Il nous semble utile de revenir sur une des mesures, qui mérite d’être approfondie,
c’est celle du bouclier fiscal à 50%. En soi, le principe d’un bouclier est excellent :
cela revient à dire que la somme des impôts (locaux et nationaux, dans le cas
français tout au moins taxe d’habitation, taxe foncière, impôt sur le revenu,
CSG et ISF) ne doit pas dépasser un certain pourcentage : ne pas prendre,
même aux « plus riches » (en revenu ou en patrimoine) plus d’un
certain pourcentage du revenu. Dans certains pays, c’est même un principe constitutionnel
(et non comme en France une simple loi qu’une majorité nouvelle peut remettre
en cause, comme l’avaient annoncé les socialistes par exemple). En Allemagne,
c’est en fonction du principe supérieur du droit de propriété que la Cour constitutionnelle
a annulé purement et simplement l’impôt sur le patrimoine car il pouvait conduire
à prendre plus de 50% du revenu. Mais cela pose un certain nombre de problèmes.
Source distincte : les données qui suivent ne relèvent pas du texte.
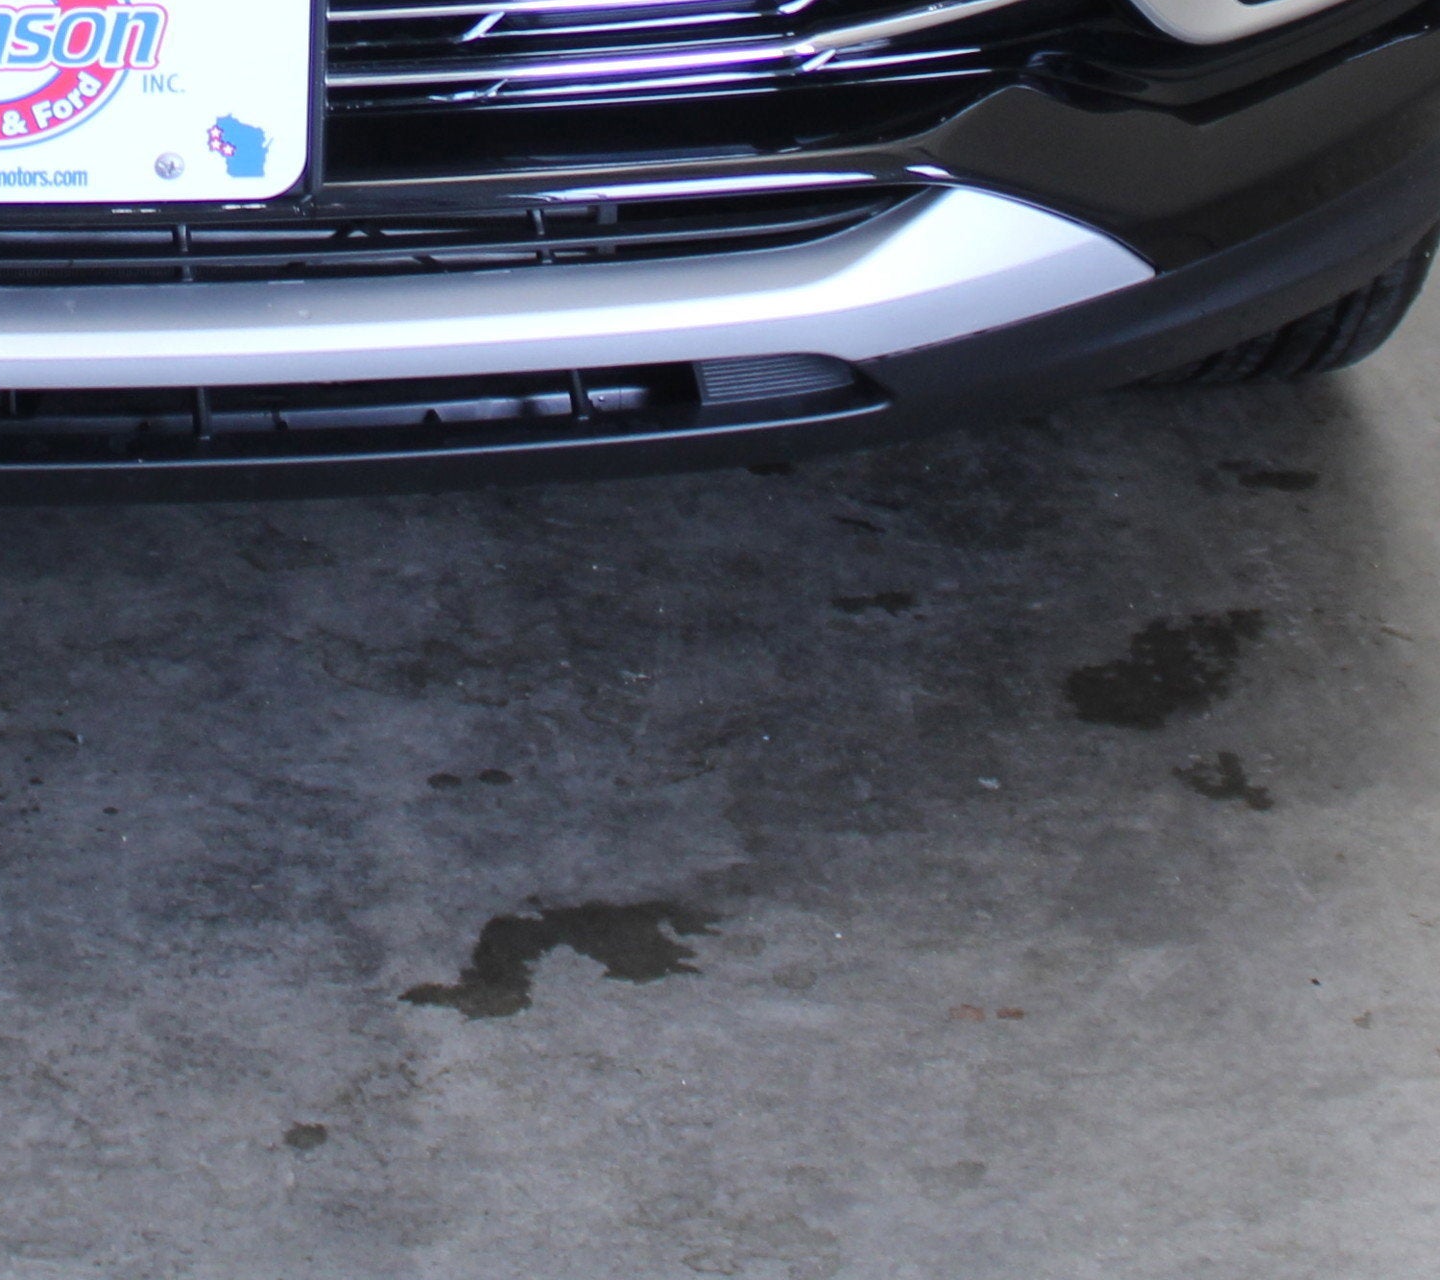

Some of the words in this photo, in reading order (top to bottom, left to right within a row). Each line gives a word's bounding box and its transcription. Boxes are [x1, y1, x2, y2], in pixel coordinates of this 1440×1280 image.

[0, 109, 29, 137] &
[30, 71, 103, 130] Ford
[141, 73, 187, 94] INC.
Le premier, c’est de savoir quel pourcentage fixer. L’assemblée sortante avait
fixé 60% et encore sans tenir compte de la CSG et de la CRDS, (11%), ce qui faisait
en tout 71% : cela dépasse à l’évidence les limites du raisonnable. Le projet
SARKOZY prévoit de tomber à 50% : cela signifie ne pas prendre plus de la
moitié de ce qu’on gagne. Cela nous semble encore bien trop. Le second problème, c’est celui de l’assiette :
dans la loi actuelle, on ne tient compte que de l’impôt sur le revenu, des taxes
d’habitation et foncière et de l’ISF. Donc les autres impôts (comme la CSG) s’y
rajoutent et le prélèvement réel est très supérieur au soi-disant bouclier. Le
projet actuel représente un petit progrès, puisqu’il intègre aussi la CSG-CRDS. Mais, sans vouloir faire de la surenchère, on peut
faire remarquer que cela n’est pas conforme à la réalité. Car le contribuable
qui se verra appliquer le bouclier fiscal ne paiera pas 50% du revenu pour certains
impôts, mais il paiera aussi en plus des 50% bien d’autres impôts, depuis la TVA
et autres impôts sur la consommation, jusqu’aux divers autres impôts sur le patrimoine
(plus-value, successions, mutations, etc.). De plus, il paiera aussi des cotisations
sociales et on connait leur poids de plus en plus lourd. Donc un bouclier fiscal
à 50% ne signifie pas 50% de prélèvements obligatoires pour « les plus
riches », mais évidemment beaucoup plus si l’on intègre tous les prélèvements
obligatoires. Certes, on ne dépassera plus sans doute les 100%, comme avant le
bouclier fiscal, mais on sera bien au dessus des 50%. Cela concernera-t-il beaucoup de monde ? Est-ce
un cadeau aux « plus riches » comme la gauche l’a martelé dans la campagne ?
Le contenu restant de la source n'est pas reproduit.